Give it a thought...tell me what is your passion for life? Mine is to observe life & to learn.


Monday

Made a difference

I would like to quote a small incident which though hasn't come from my life but which had a lasting impact on my attitude towards life. I see myself in this type of dilemma whenever it comes to passion vs. practicality and this little begining has always been my inspiration to work for my passion. Here it goes...

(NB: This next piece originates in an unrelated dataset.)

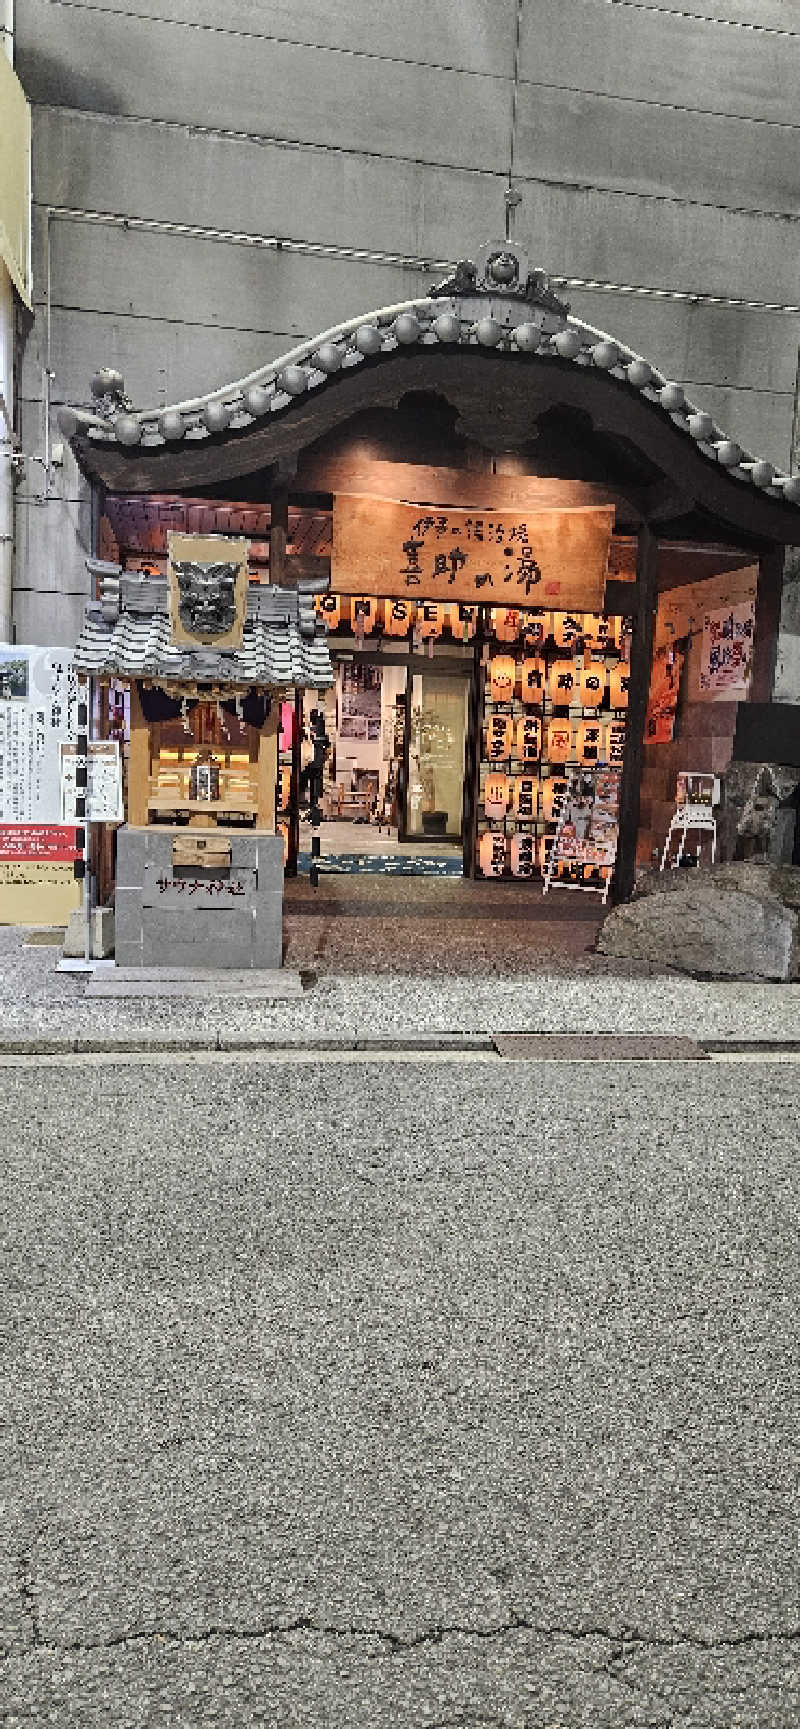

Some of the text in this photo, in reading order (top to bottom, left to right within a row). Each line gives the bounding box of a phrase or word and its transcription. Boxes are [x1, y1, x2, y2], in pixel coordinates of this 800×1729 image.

[400, 536, 542, 595] 喜助の湯
[156, 878, 245, 896] サウナ神社

A friend of ours was walking down a deserted Marina Beach at sunset. As he walked along, he began to see another man in the distance. As he grew nearer, he noticed that the local native kept leaning down, picking something up and throwing it out into the water. Time and again he kept hurling things out into the ocean. As our friend approached even closer, he noticed that the man was picking up starfish that had been washed up on the beach and, one at a time, he was throwing them back into the water.
Our friend was puzzled. He approached the man and said, "Good Evening, friend. I was wondering what you are doing."
"I'm throwing these starfish back into the ocean. You see, it's low tide right now and all of these star fish have been washed up onto the shore. If I don't throw them back into the sea, they'll die up here from lack of oxygen".
"I understand," my friend replied, "but there must be thousands of starfish on this beach. You can't possibly get to all of them. There are simply too many. And don't you realize this is probably happening on hundreds of beaches all up and down this coast. Can't you see that you can't possibly make a difference?"
The local native smiled, bent down and picked up yet another starfish, and as he threw it back into the sea, he replied, "Made a difference to that one!"